= Operation Pomegranate (SAS) =

WW2 British covert operation (Jan 1944)

Operation Pomegranate was a six-man raid in support of Operation Shingle by the Special Air Service designed to be conducted against German aircraft based on the Italian airfield of Sant'Egidio, near Perugia, on the night of 12 January 1944. The commandos, aboard a C-47 of the USAAF, made their parachute jump on the slopes of Monte Tezio to the east of Lake Trasimeno, after which the plane on which they had been travelling crashed into the mountainside killing the entire crew. (Note: (MACR 24 January 1944 lists them as:
- Pilot L/Col. R.A. Nowotny
- Co-pilot Capt.J.J. McNeill Jr.
- Navigator 1st Lt.
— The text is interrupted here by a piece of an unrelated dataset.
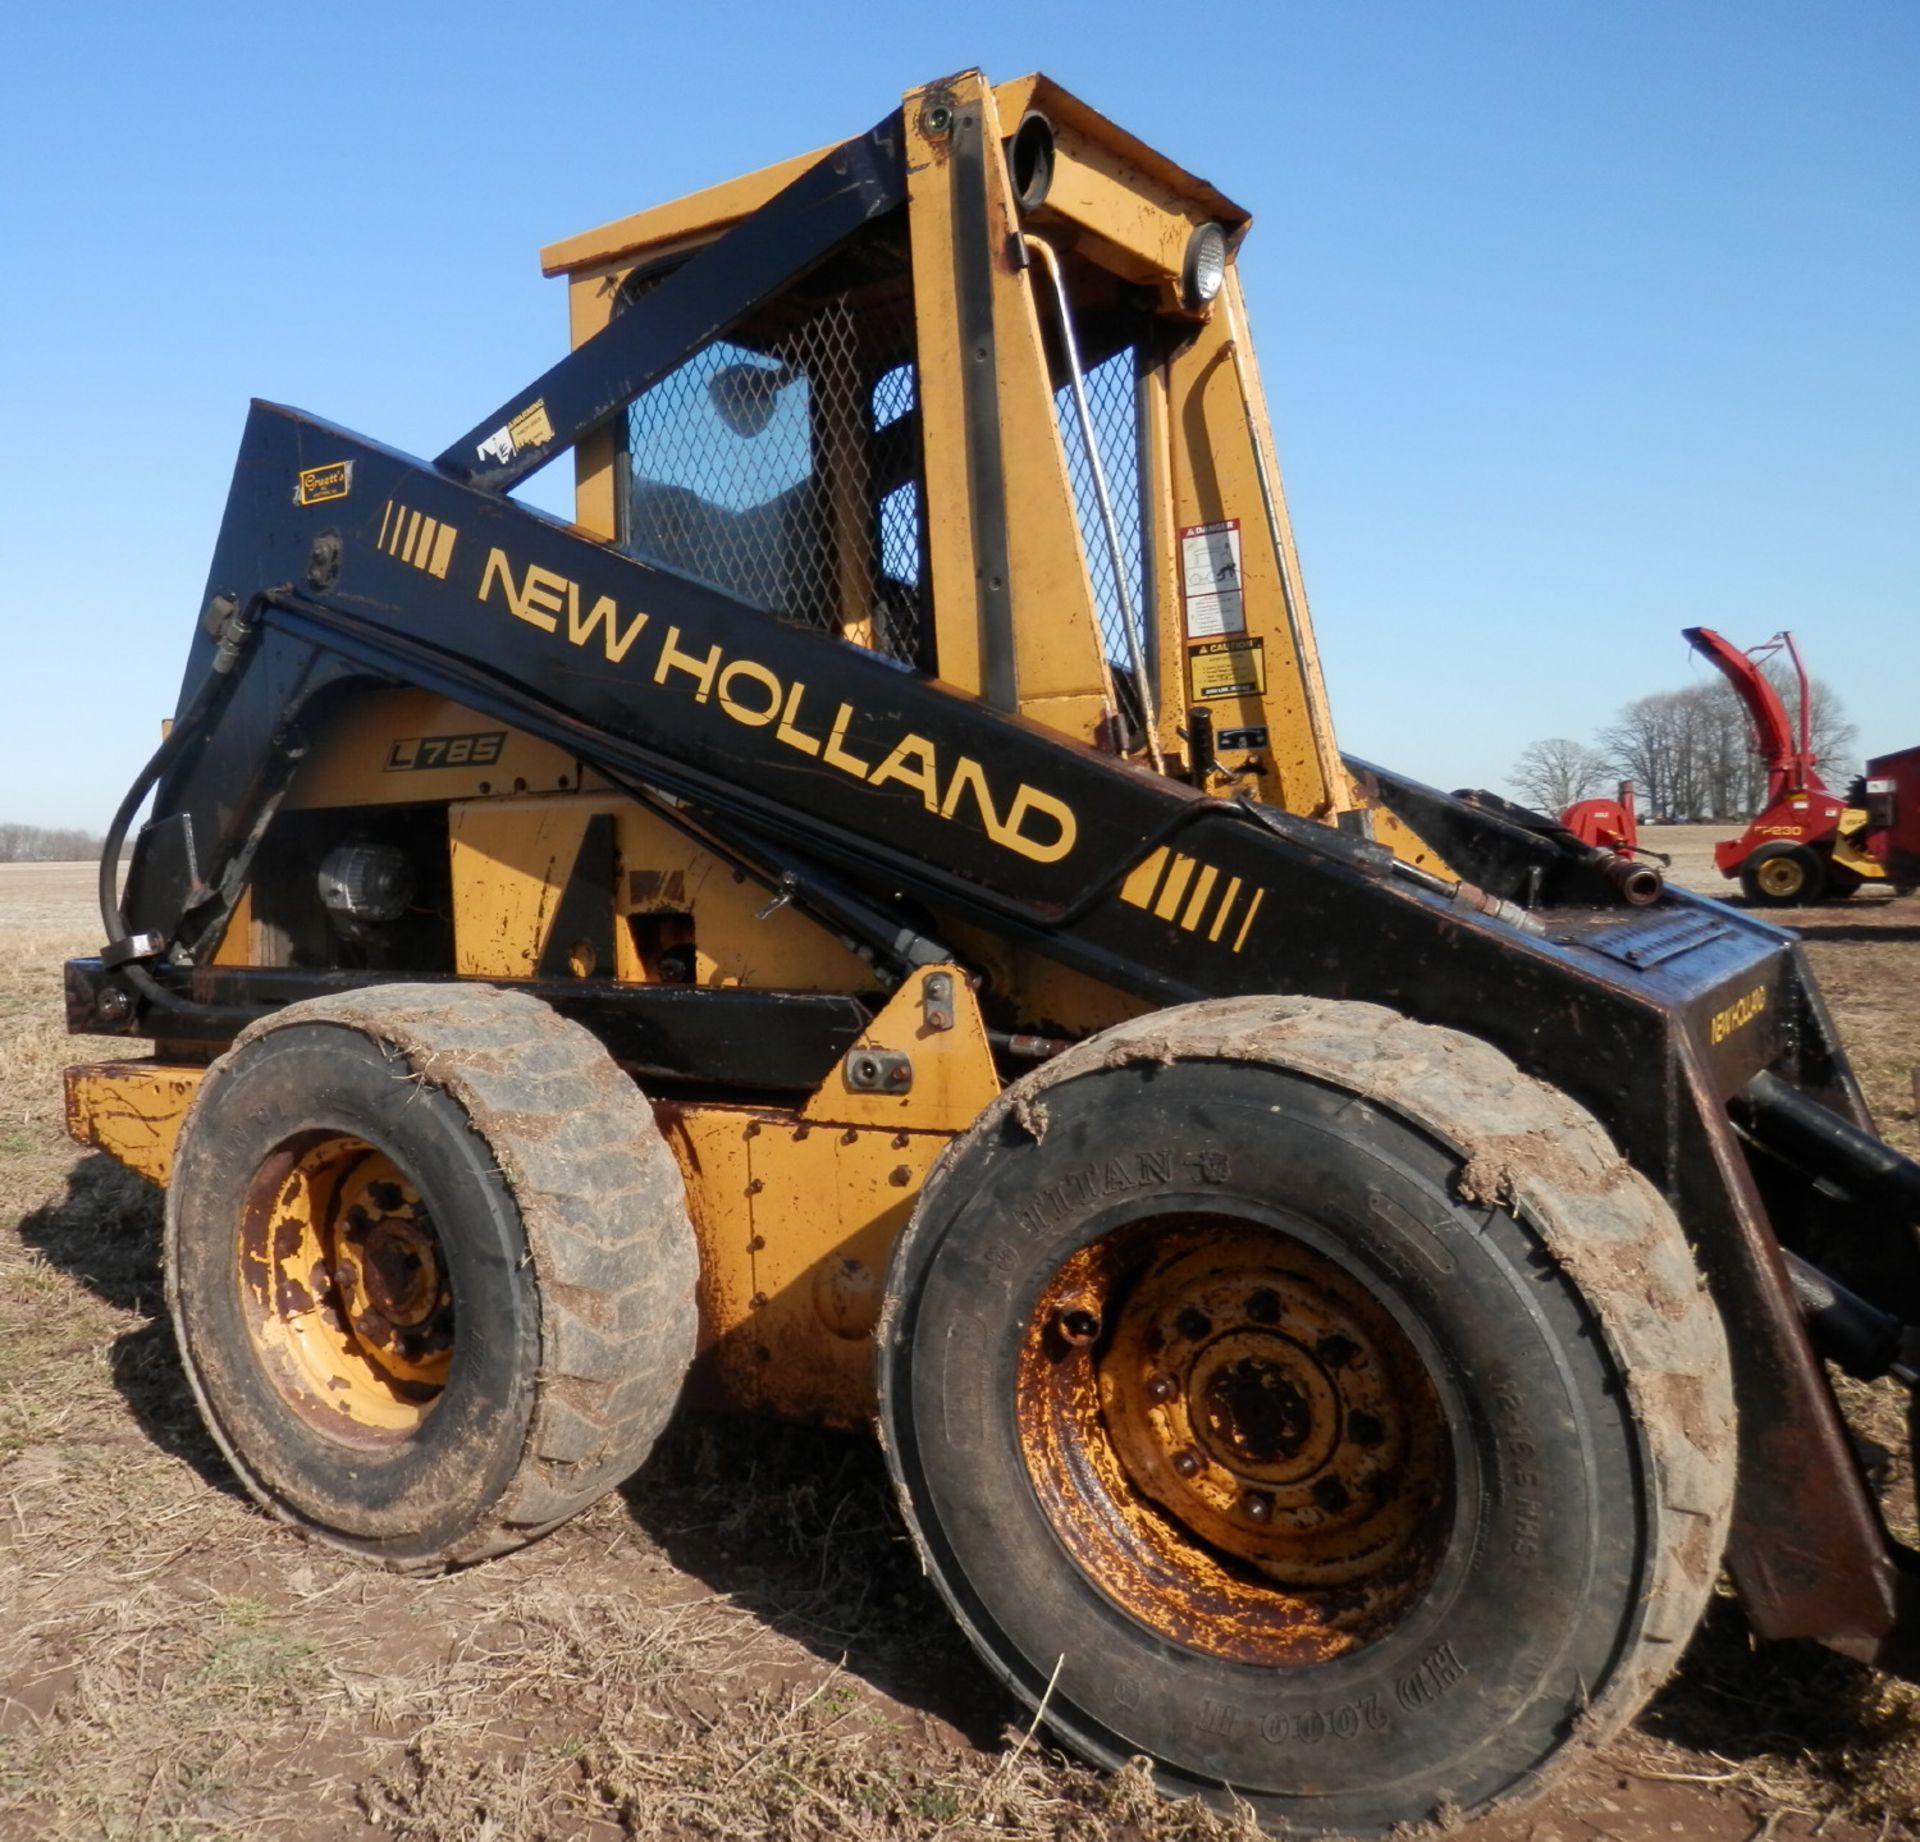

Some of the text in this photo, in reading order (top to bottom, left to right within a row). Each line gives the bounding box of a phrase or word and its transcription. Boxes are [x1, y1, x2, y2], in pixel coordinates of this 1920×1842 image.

J.J. Piatak
- Pilot surgeon Capt.J.L. Nocentini
- Engineer T/Sgt. R.A. Holmes
- Radio Operator Sgt. S. Singer
)

Although all six paratroopers landed safely, the group split up after being challenged by a German sentry as they crossed the Tiber. Lance Corporal J. Malloy and Privates T. Cox, A. Todd, and S. McCormick did not take part in the attack on the airfield but rejoined their units down in Apulia, leaving Major Tony Widdrington and Lieutenant Jimmy Quentin Hughes to go ahead and reach the target, planting bombs on seven airplanes and destroying three. One of the remaining bombs exploded while being made safe, killing Widdrington and temporarily blinding Hughes in one eye. Hughes was taken to the German military hospital in Perugia, and was destined to be shot as a commando, but he enlisted the help of a German doctor with whom he struck up a friendship and managed to acquire the status of Prisoner of War, after which he was transferred to another military hospital in Florence. After escaping with two others from a POW transport train bound for Germany, he made his way south and rejoined the allied lines.